While figuring out your business’s digital strategy can take a bit of trial and error, at Frankly, we believe there are certain approaches to favour and mistakes to avoid that let you reduce the “error” aspect of it. Although each business is different, there are objective truths in digital strategy that can apply to almost any business. Here, we’d like to give some insight into what generally doesn’t work for businesses, and share with you just a few common mistakes to avoid in your digital strategy:
Marketing strategies will always target acquiring new customers in some capacity, but the key is not to solely or heavily prioritise acquisition at the expense of retaining customers. Both are important, but many studies have found that existing customers provide greater cost-to-revenue efficiency from a marketing standpoint. From the Frankly Insights platform, we know that approximately 60-70% of the average company's business will come from existing customers. This means that a proper understanding of the most effective methods of retaining customers and creating ‘lifetime value’ out of your customers should be a top priority.

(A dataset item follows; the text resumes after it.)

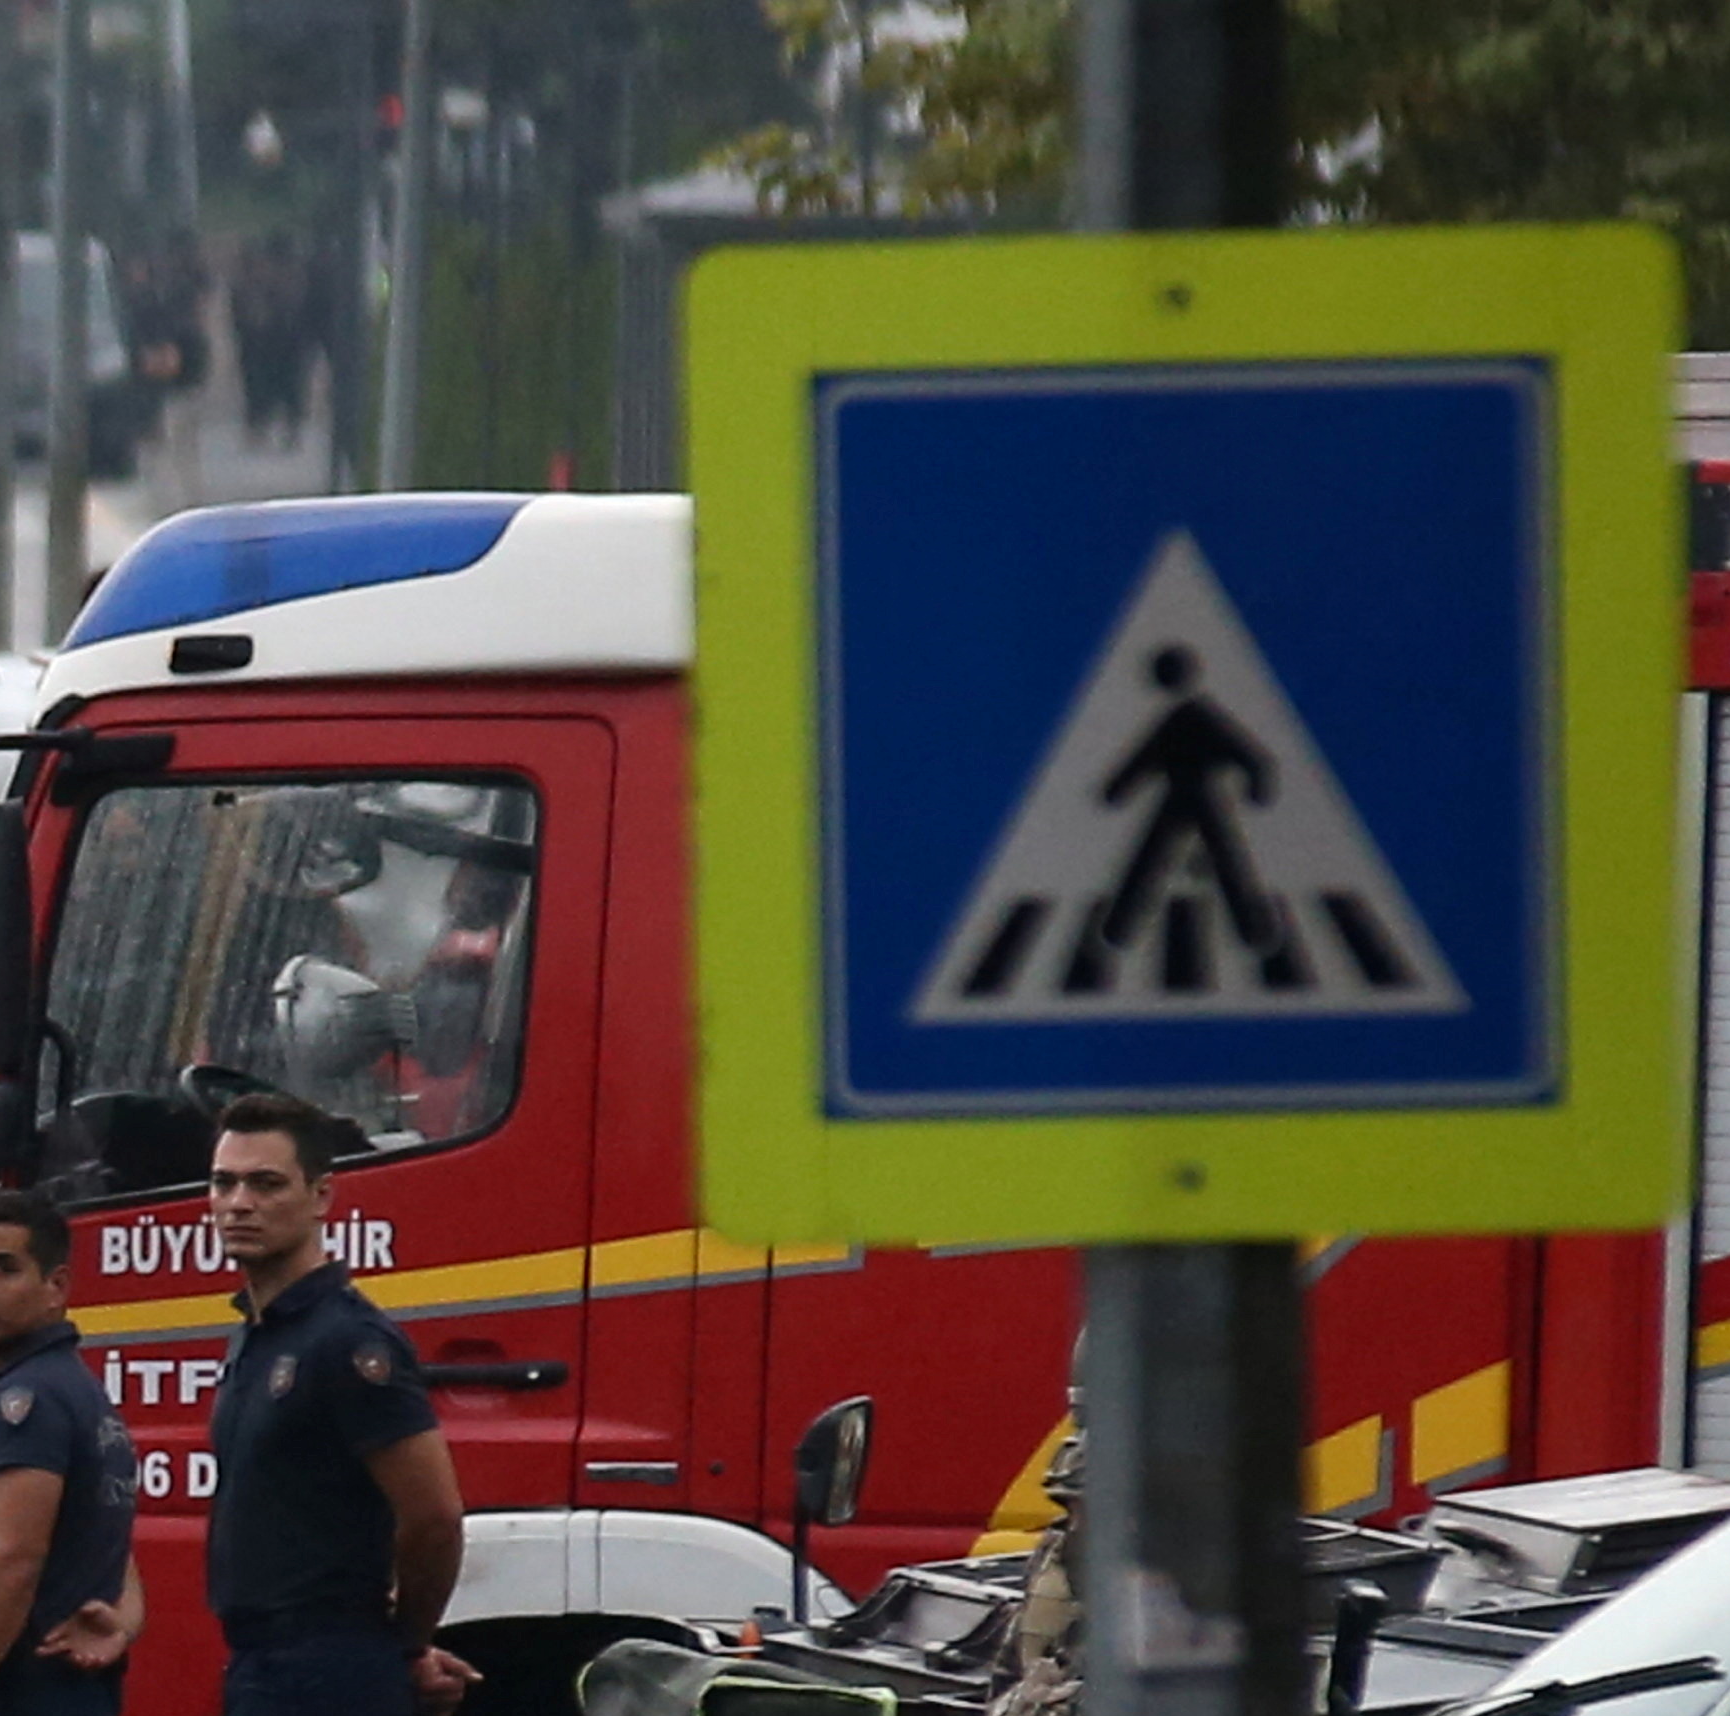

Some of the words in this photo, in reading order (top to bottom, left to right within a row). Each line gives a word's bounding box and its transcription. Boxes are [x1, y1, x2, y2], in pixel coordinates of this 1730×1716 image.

[100, 1208, 396, 1275] BÜYÜHİR
[134, 1451, 171, 1498] 6
[186, 1451, 220, 1498] D

How can this be achieved? It starts with a clear picture of what people see after they’ve made a purchase or interacted with your business before. User experience is central, whether that’s online through web design, in person, or over the phone. For example, three-quarters of online customers expect their loyalty with certain companies to be rewarded with discounts and offers in the future. If you know what your returning customers expect and how they experience your website or offering, you'll be able to boost sales through retention rather than constant acquisition.
It is a fact of life for the digital strategies in so many businesses that overconfidence is the enemy of progress. Whether it’s digital marketing, product design, or deciding on certain data/technology, being overconfident in what you are currently doing can have drastic consequences and lead to underperformance. A common roadblock to adaptability is that decision-makers lack insight regarding how to revise their strategy, in terms of which direction to pivot to.
For example, from the Frankly Insights platform, we know that 20% of large companies are confident that they have the right marketing technology in place to measure marketing ROI, when in actual fact campaigns are underperforming. That’s 1 in every 5 large companies measured that are underperforming and being held back by overconfidence in their status quo. Knowing when to change and being willing to change are obstacles to overcome, but it starts with actually measuring the performance of your strategy, whether that’s as simple as clicks or something less tangible but just as important, such as brand health. At Frankly, we are proponents of the saying that “you can’t manage what you can’t measure”, and measuring your current strategy, recognising overconfidence, and being adaptable are all crucial elements of any business.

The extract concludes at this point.